# Fishing Lower Provo - Ault Property (Is it legal or not?)



## HopperLover

I had thought that the Ault Property - just upstream from the railroad tressle - was OK to fish as long as you are on the easement part of the property.

But this thread on another forum makes me question things again:

http://www.bigfishtackle.com/forum/...i?post=812934;forum_view=forum_view_collapsed

It says:


> Well it turned out that the reason for the mass exodus was the DNR official giving everyone upstream of the R/R trestle the boot under the accusation of trespassing.
> 
> Lots of disgruntled FFers in the parking lot when I got up there. Nobody was ticketed as far as I know, but the DNR official told one dude that the access rights were "in dispute" for that area so he acted on behalf of the land owner (until further notice I guess).


Anybody verify this? Anybody from the USAC that could comment?


----------



## nateysmith

I actually know the Aults that own that property, so I can see what I can find out.


----------



## MarkM

Its too bad about all the controversy about that section of the Provo. I learned to fly fish on that section back in the 90's and have a lot of fond memories about that stretch of river.

Mark


----------



## HopperLover

nateysmith said:


> I actually know the Aults that own that property, so I can see what I can find out.

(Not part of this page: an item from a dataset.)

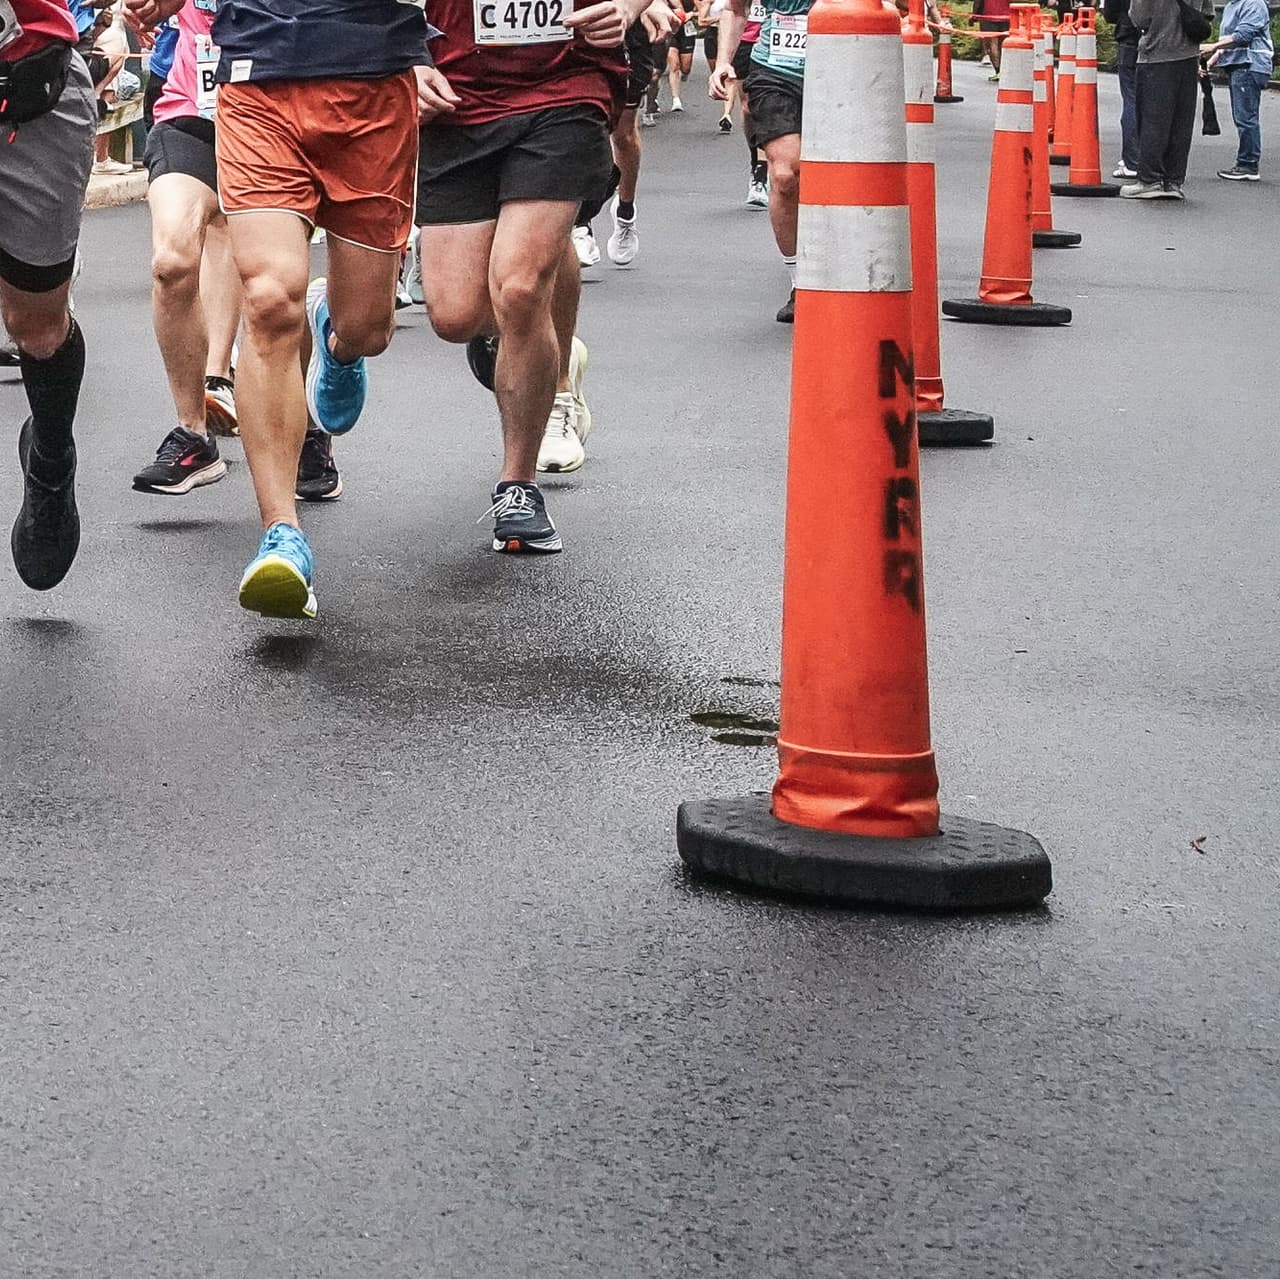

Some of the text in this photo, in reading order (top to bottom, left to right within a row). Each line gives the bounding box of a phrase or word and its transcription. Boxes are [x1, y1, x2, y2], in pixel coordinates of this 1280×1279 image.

I am pretty sure I can predict what the Aults will say. :yell:

But, for the rest of us, here are the easement details:

http://www.i9studios.com/USAC/AultUDOT_PublicAccessEasement.pdf

It seems clear to me, that the public should NOT be disallowed for fishing within that easement, regardless of what the Aults will say.


----------



## Vanilla

I'd love to hear any explanation from any state official stating why they, an agency charged with acting in the public trust, are forcing people off a legal, public easement. As far as I know there has been no court order or injunction granted stating the easement isn't valid.


----------



## martymcfly73

I'm sure his brother in law has nothing to do with it either.


----------



## browntrout

"I'm sure his brother in law has nothing to do with it either." 

Do you mean our------ Governor?


----------



## martymcfly73

Yup


----------



## Para-adams

Was there yesterday, Sunday, 8/4. A new sign is posted in the public parking lot about the access road being for authorized vehicles and "ranch" guests only. The auto bridge on UDOT property has a new sign on both sides stating that it is private, and there is a new sign posted at the south edge of Ault's property, I didn't get close enough to read it.

Anyone know if the status of the easement has recently changed? It seems the signs are partly a bluff, since that access road is on UDOT property.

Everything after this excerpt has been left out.